There is also a narrated slide presentation which features some of the works in progress to be featured in the show below
http://www.youtube.com/watch?v=We-4EUJwtIY


Artificial Curiosities Curriculum Project ARE 6148 
My idea is to bring in the history of museums and how museums have changed through history. Discuss found object artists Joseph Cornell,  Louise Nevelson, Fred Wilson and Jean Tinguely http://www.youtube.com/watch?v=b4iXF-LIYi0 
Activity and discussion of roadside attractions as forgotten museums of the 50's. Historic and archaeological preservation in a disposable society. Students will discuss and create their own curiosity cabinet.
The big ideas 
Who writes history and why? How does knowledge and our perception of it change? Why do museums work or bore us?
Do museums ever tell the truth or an imagined truth? Where did museums come from?
History is on going. What history have the students lived through their families their grand parents?
All objects tell a story have a history.
Specimen Gathering
Find a small object to be used as specimen tray or box. Gather three to six small items from your home, the ground, goodwill, or that you have kept. Arrange the items in the tray.

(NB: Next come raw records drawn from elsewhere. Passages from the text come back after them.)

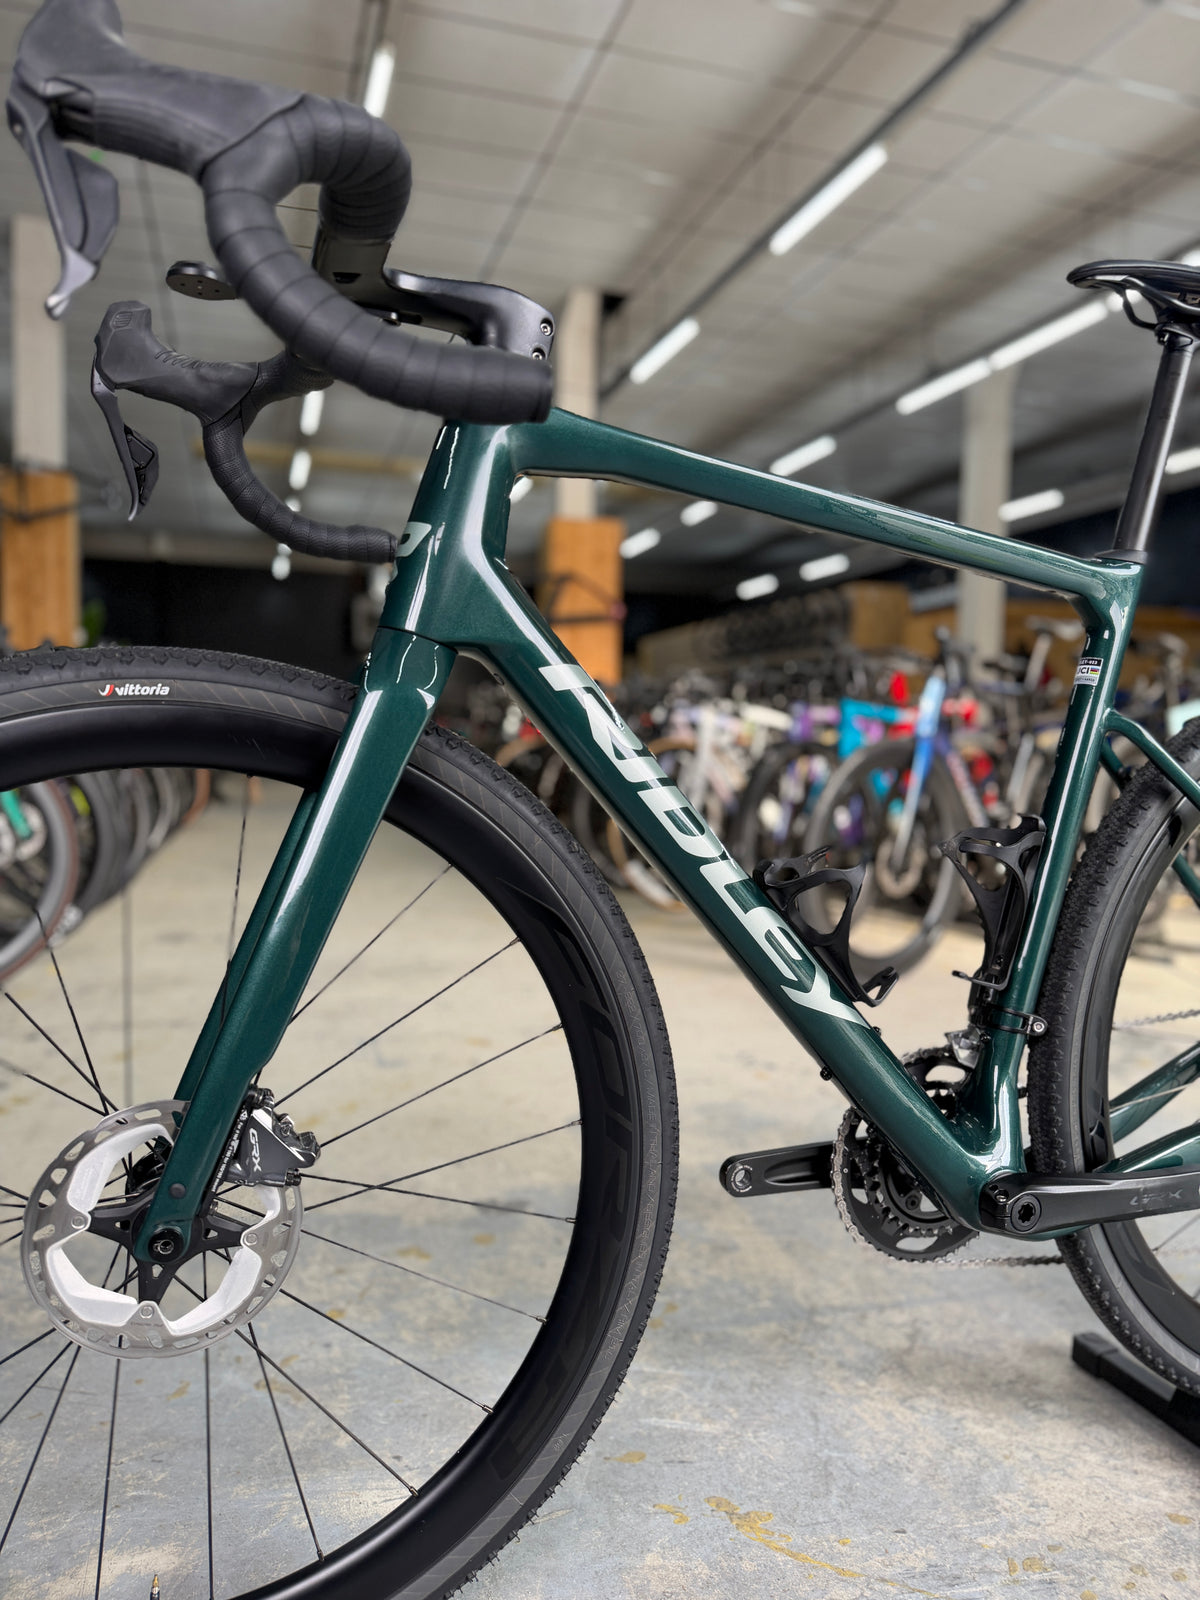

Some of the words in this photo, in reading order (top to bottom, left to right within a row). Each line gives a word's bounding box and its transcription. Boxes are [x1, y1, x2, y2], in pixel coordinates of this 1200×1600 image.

[115, 683, 170, 696] vittoria
[538, 664, 871, 1029] RIDLEY
[249, 1128, 262, 1172] GRX
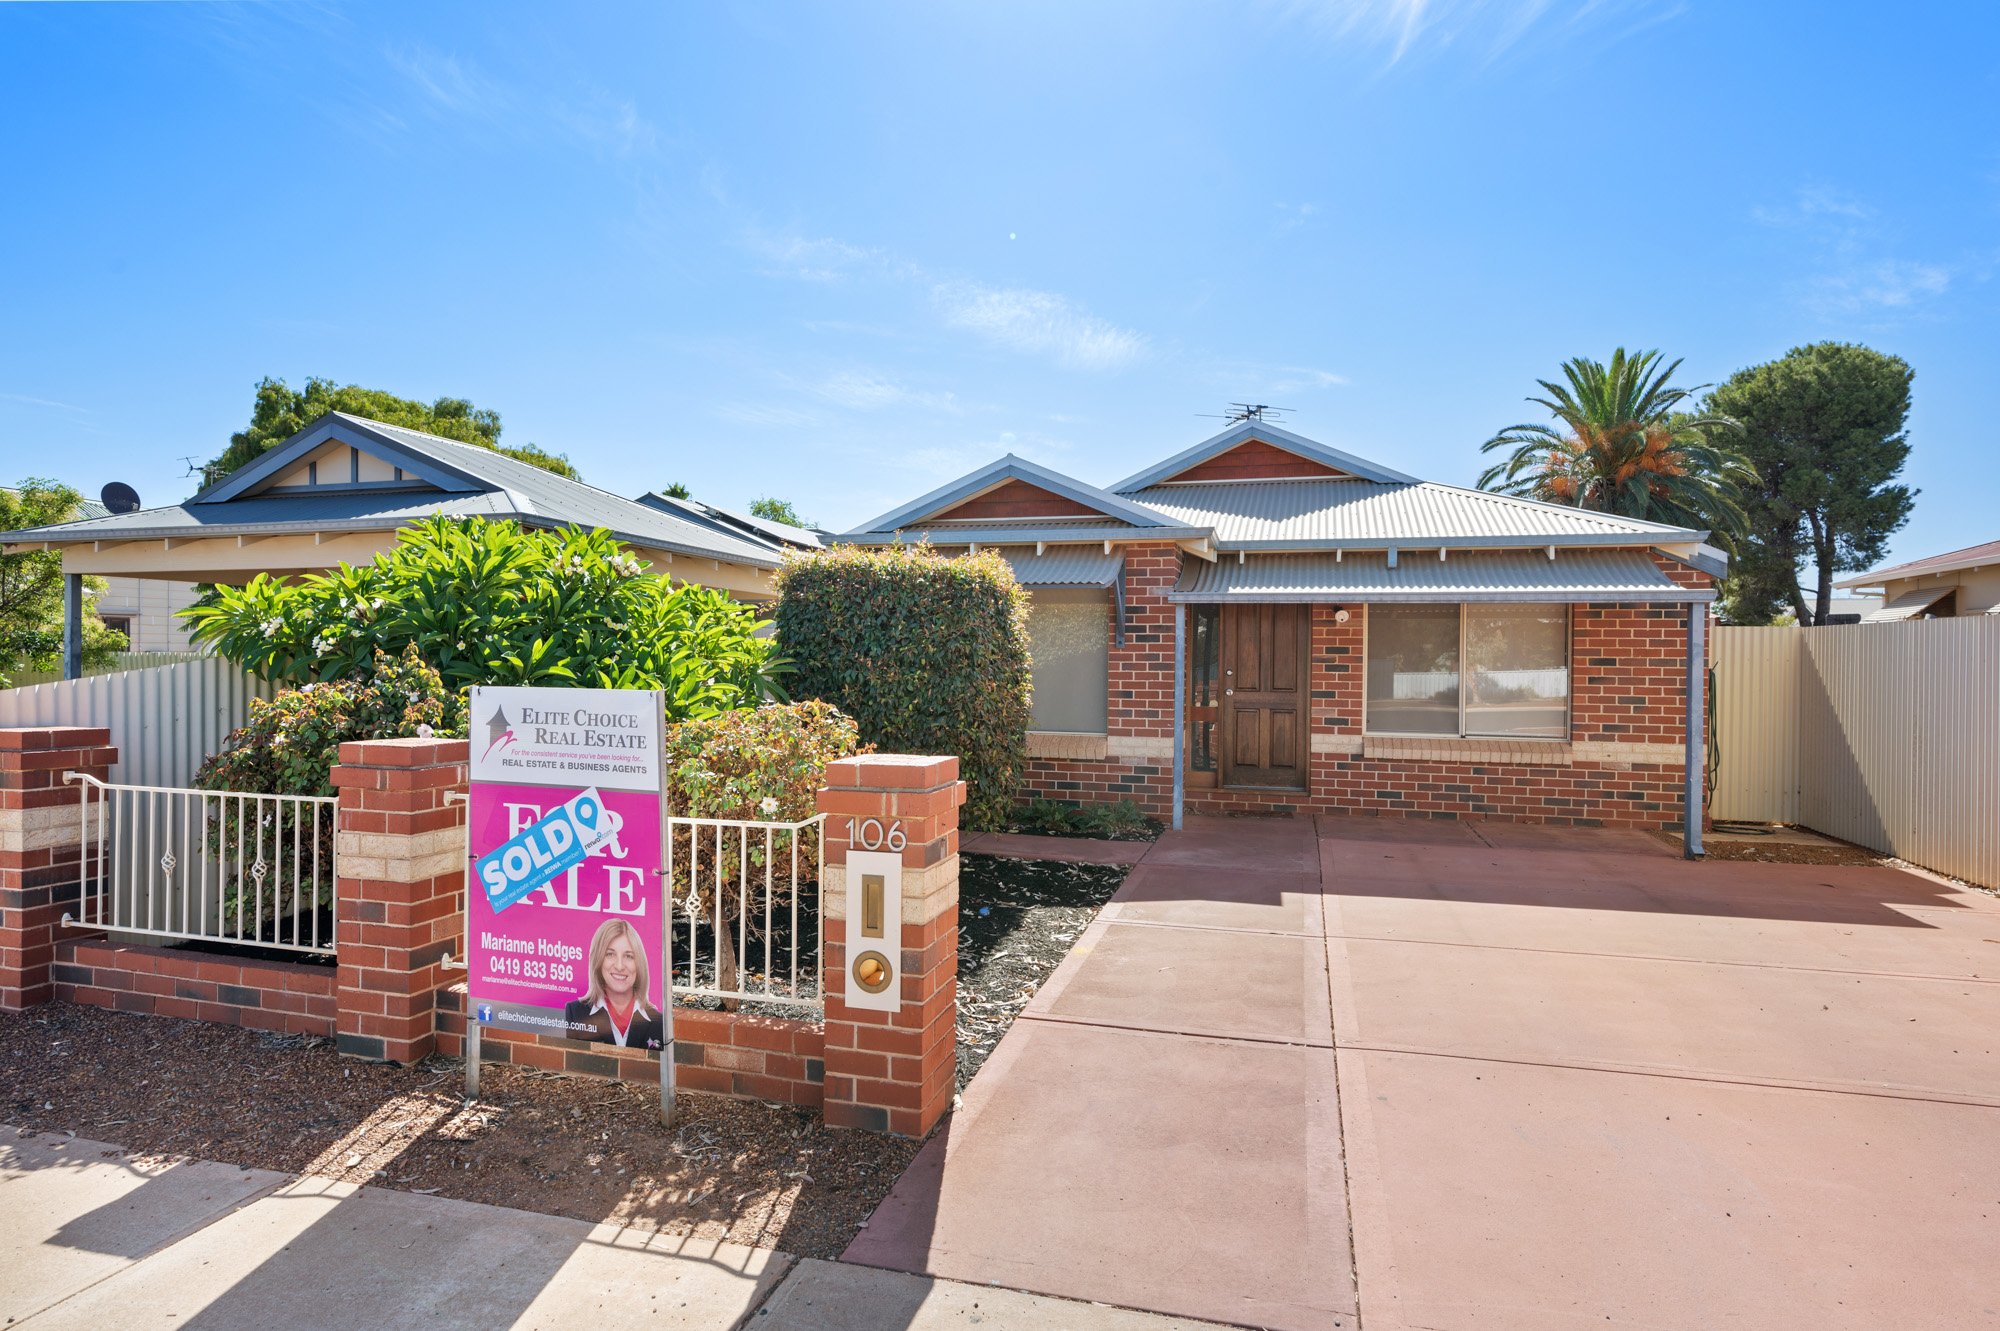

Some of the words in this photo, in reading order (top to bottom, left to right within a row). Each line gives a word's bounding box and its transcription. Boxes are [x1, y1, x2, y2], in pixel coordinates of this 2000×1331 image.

[521, 708, 570, 725] ELITE
[574, 709, 638, 728] CHOICE
[535, 728, 580, 746] REAL
[583, 730, 647, 749] ESTATE
[502, 759, 524, 767] REAL
[526, 760, 556, 769] ESTATE
[560, 761, 565, 769] &
[568, 762, 610, 772] BUSINESS
[611, 764, 647, 774] AGENTS
[531, 750, 558, 758] consistent
[578, 752, 596, 760] you've
[611, 753, 631, 763] looking
[845, 818, 907, 852] 106
[483, 819, 574, 896] SOLD
[508, 889, 517, 899] real
[516, 883, 529, 893] estate
[529, 874, 542, 886] agent
[544, 861, 561, 875] REIWA
[481, 932, 535, 955] Marianne
[538, 938, 583, 963] Hodges
[490, 956, 520, 975] 0419
[523, 961, 547, 978] 833
[550, 963, 574, 982] 596
[498, 1010, 597, 1033] elitechoicerealestate.com.au

Play with the arrangement until it is pleasing to look at. How can you arrange them to tell a story? Let the others in the class try to figure out your arrangement and the items in the tray.
Explain the items what they mean where they came from, if they are important to you why. Select one object to be the tall tale object. In your explanation have one object be of exaggerated or purely fictional origins. See if the class can decide 
which one it is. Repeat the process throughout the class. How is it that we create histories for objects? 

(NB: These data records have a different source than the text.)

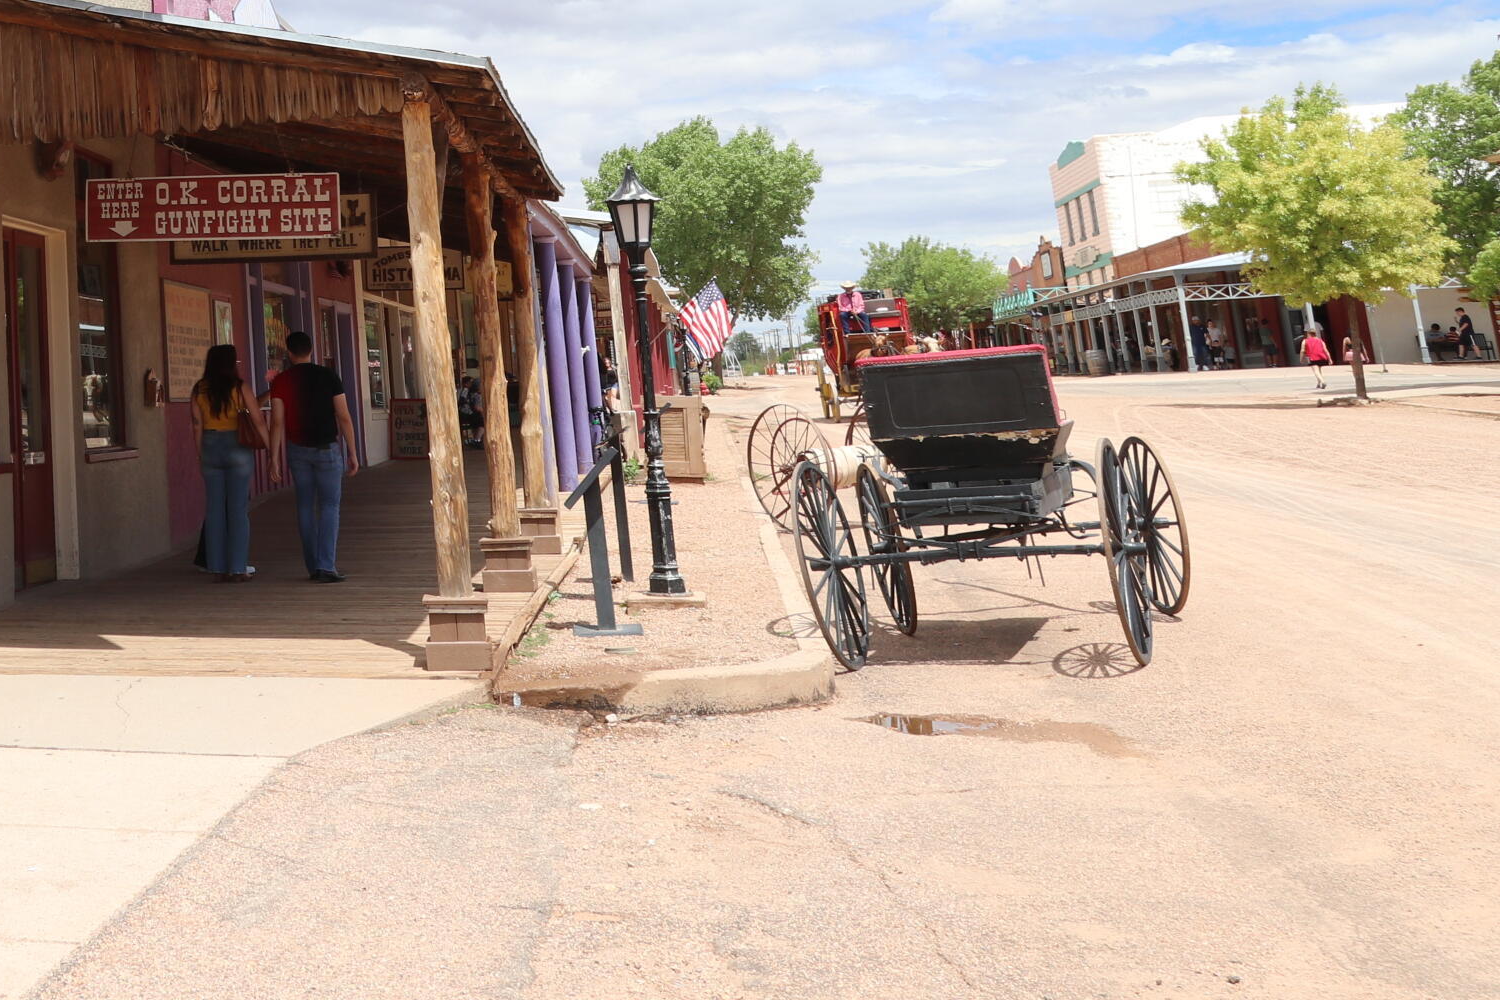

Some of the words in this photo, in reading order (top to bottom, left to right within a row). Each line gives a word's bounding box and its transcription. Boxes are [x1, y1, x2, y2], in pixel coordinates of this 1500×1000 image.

[97, 182, 143, 200] ENTER
[155, 181, 208, 206] O.K.
[101, 201, 140, 219] HERE
[155, 209, 271, 235] GUNFIGHT
[280, 207, 332, 233] SITE

Did some of the stories get elaborate? Were they all true? How important is context and provenance to viewing objects how does knowing the story of an item change the way we view an item?
Assessment and discussion
Imagine a museum where you have to simply guess what you are looking at?
Talk about the way science works, gathering specimens information data putting forth theories. Is specimen gathering cruel, zoos, killing jars, and dissection? Talk about the way museums work researching documenting curating items. 
How have museums changed from shrunken heads and stuffed animals to hands activities and children's programing. Reference the book, Stuffed Animals and Pickled Heads, A, Stephen (2001)
Big ideas 
Is science cruel? Why do we collect things? Berger in his writings talks about the need to possess the subject of a painting and the need to show status and wealth through oil painting (Ways of Seeing, Berger, J. 1973, Penguin Books). Do museums still need to collect?
Brief discussion of the book The Museum in Transition Hein, H. 2000. 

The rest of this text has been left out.